[WHAT TO DO]: Verbatim copy without pictures. Please print every entry as it stands.

[DATASET RECORDS]:
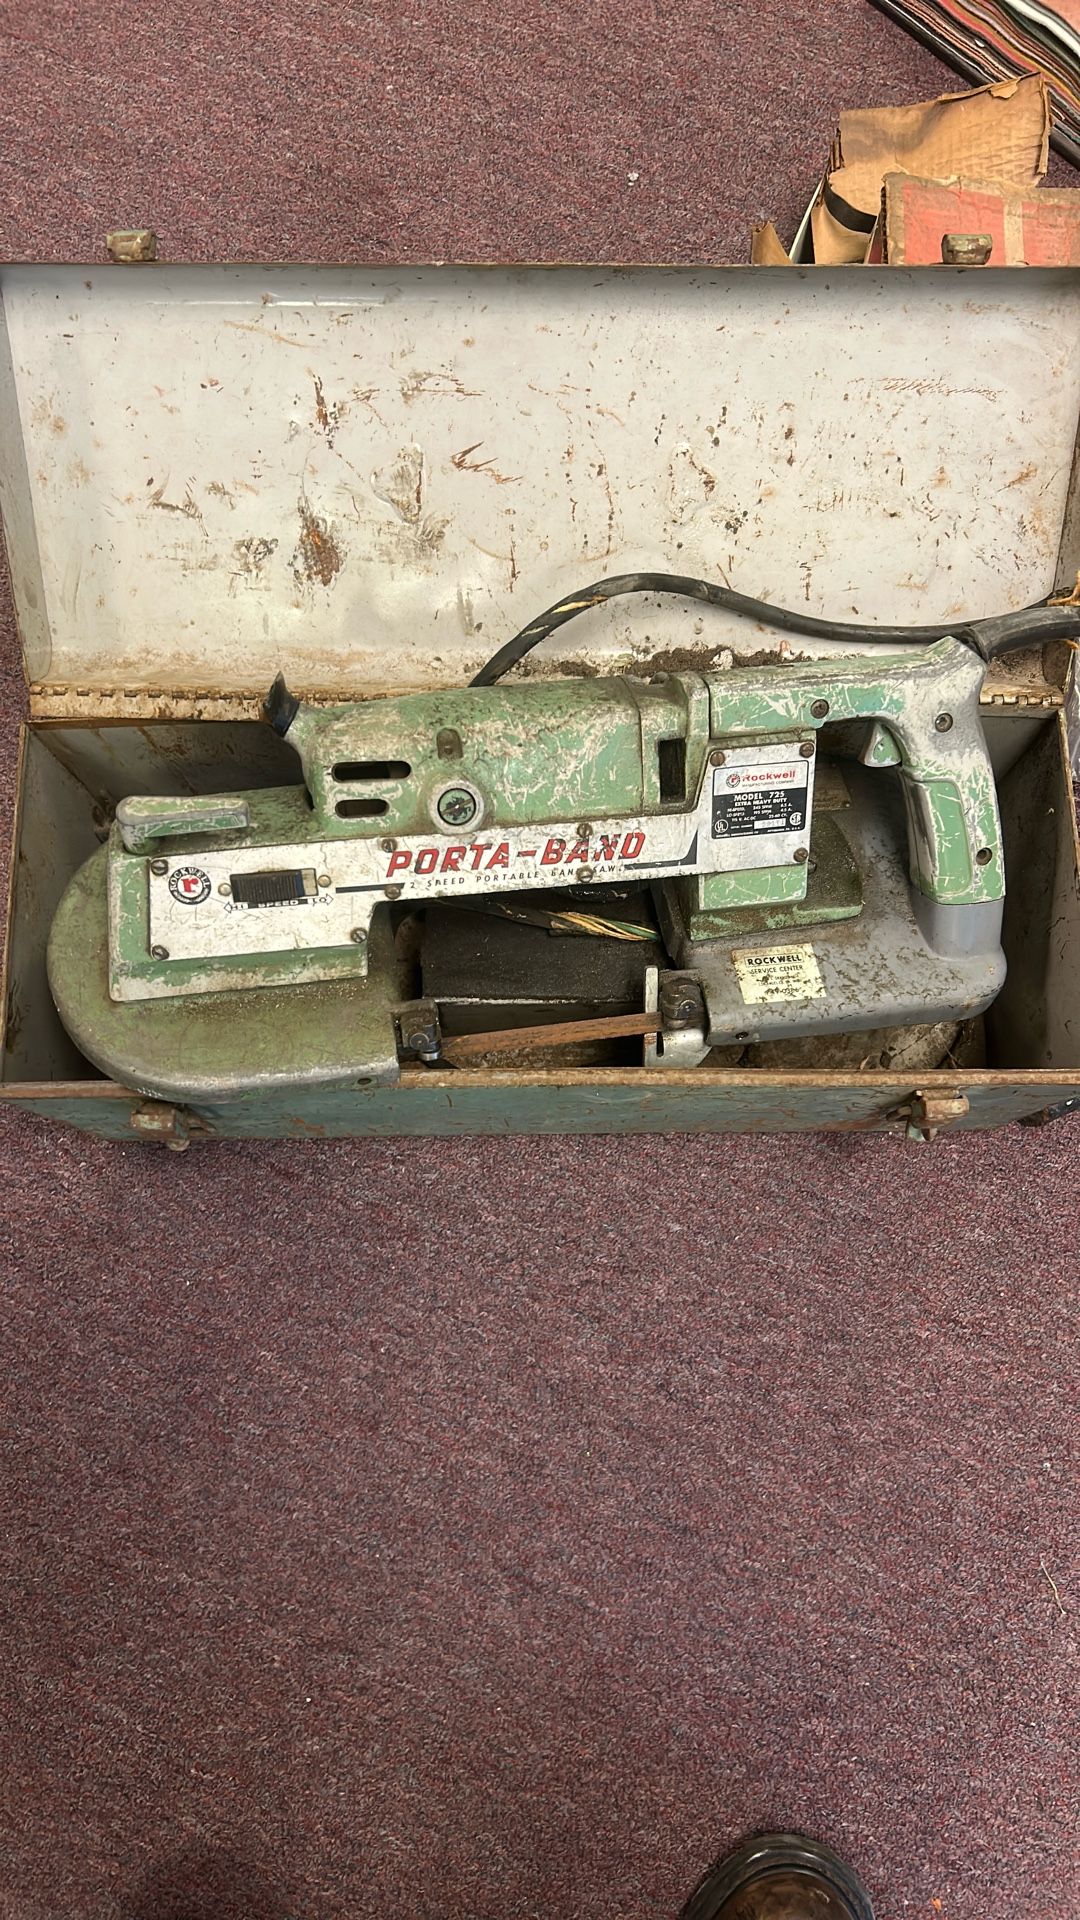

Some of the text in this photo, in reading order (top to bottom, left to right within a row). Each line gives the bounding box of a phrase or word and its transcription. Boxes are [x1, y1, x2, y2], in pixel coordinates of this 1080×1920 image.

[742, 770, 796, 782] Rockwell
[734, 793, 763, 802] MODEL
[169, 867, 210, 892] ROCKWELL
[427, 877, 465, 887] SPEED
[476, 871, 539, 883] PORTABLE
[551, 867, 581, 877] BAN
[258, 899, 299, 908] SPEED
[748, 955, 802, 965] ROCKWELL
[750, 964, 804, 975] SERVICE CENTER
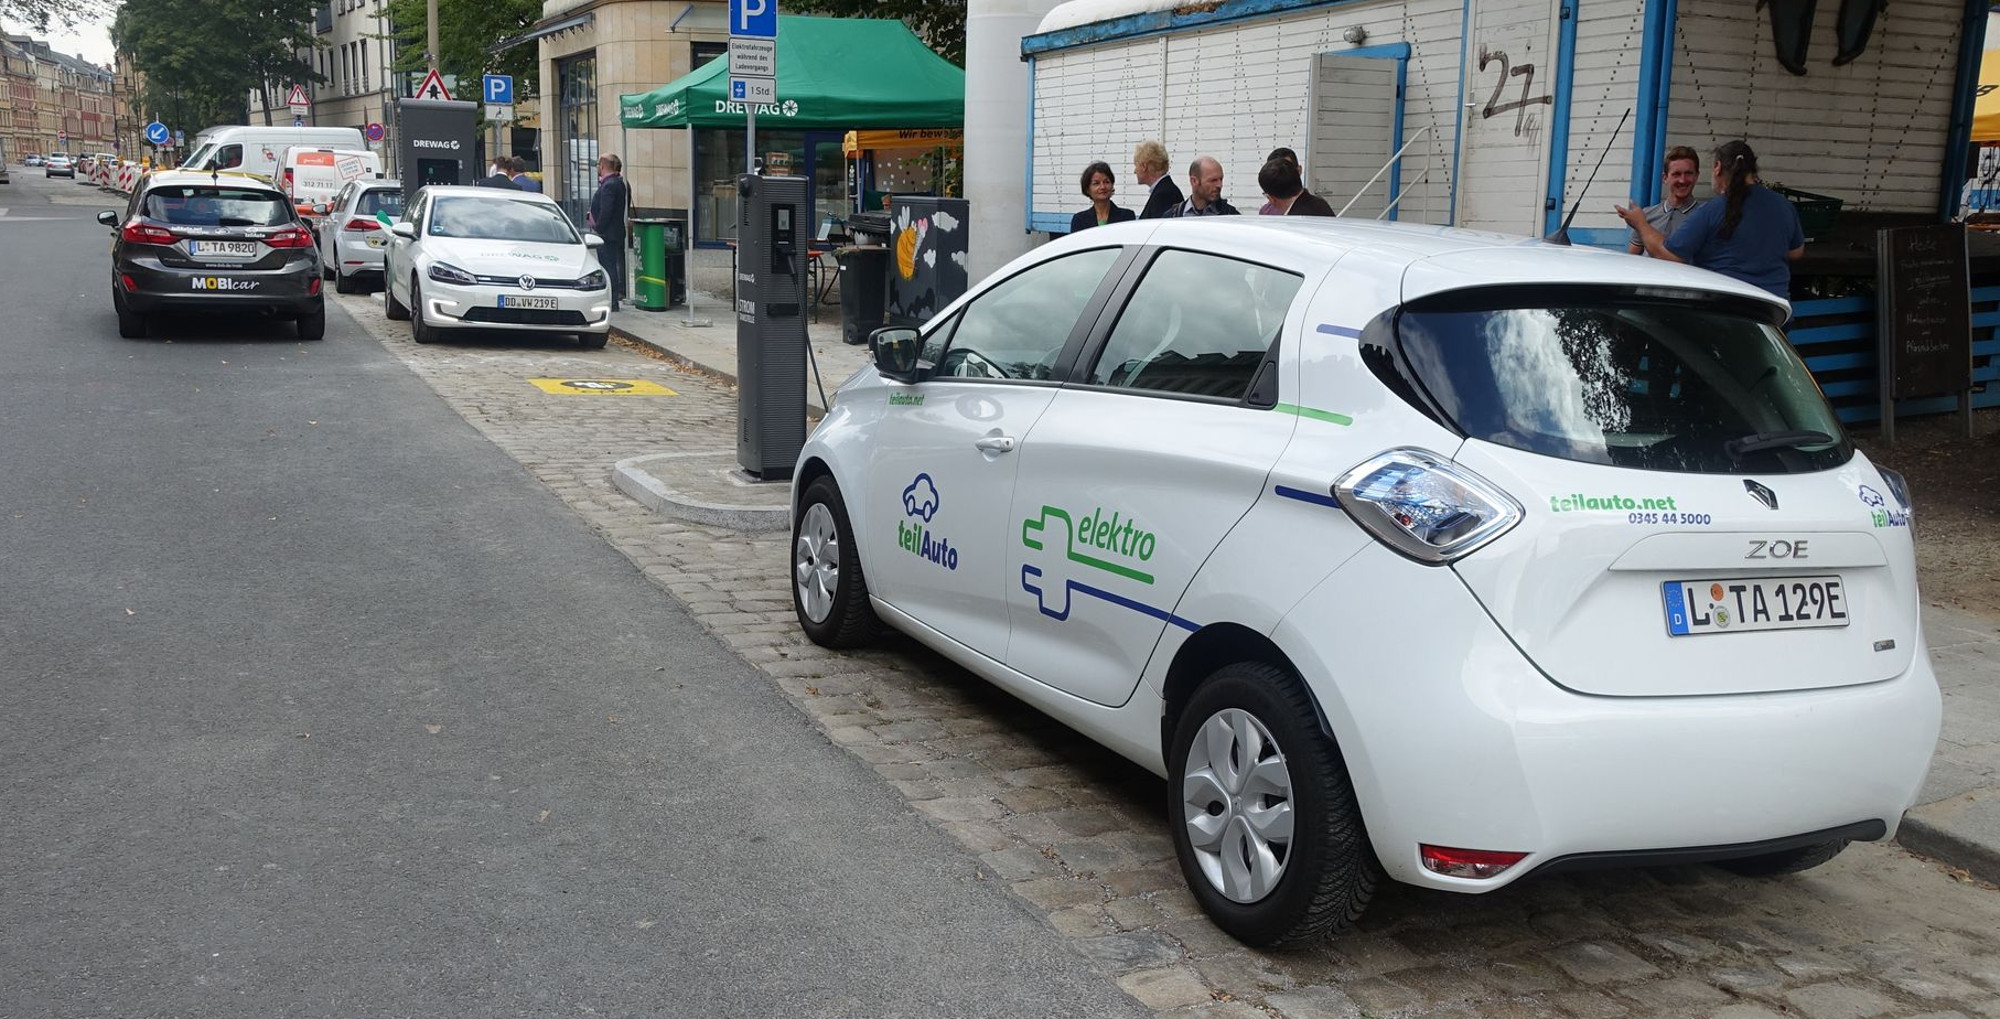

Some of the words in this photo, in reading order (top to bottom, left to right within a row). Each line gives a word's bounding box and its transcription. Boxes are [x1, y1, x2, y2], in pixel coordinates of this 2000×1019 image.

[ANSWER AREA]:
Some of the text in this photo, in reading order (top to bottom, left to right within a row). Each line gives the bounding box of a phrase or word and its transcription. Boxes are [x1, y1, x2, y2], in pixel coordinates of this 1080×1920 image.

[742, 770, 796, 782] Rockwell
[734, 793, 763, 802] MODEL
[169, 867, 210, 892] ROCKWELL
[427, 877, 465, 887] SPEED
[476, 871, 539, 883] PORTABLE
[551, 867, 581, 877] BAN
[258, 899, 299, 908] SPEED
[748, 955, 802, 965] ROCKWELL
[750, 964, 804, 975] SERVICE CENTER

Some of the words in this photo, in reading order (top to bottom, left to right within a row). Each line gives a word's bounding box and its transcription. Boxes are [x1, y1, x2, y2], in pixel coordinates of this 2000×1019 image.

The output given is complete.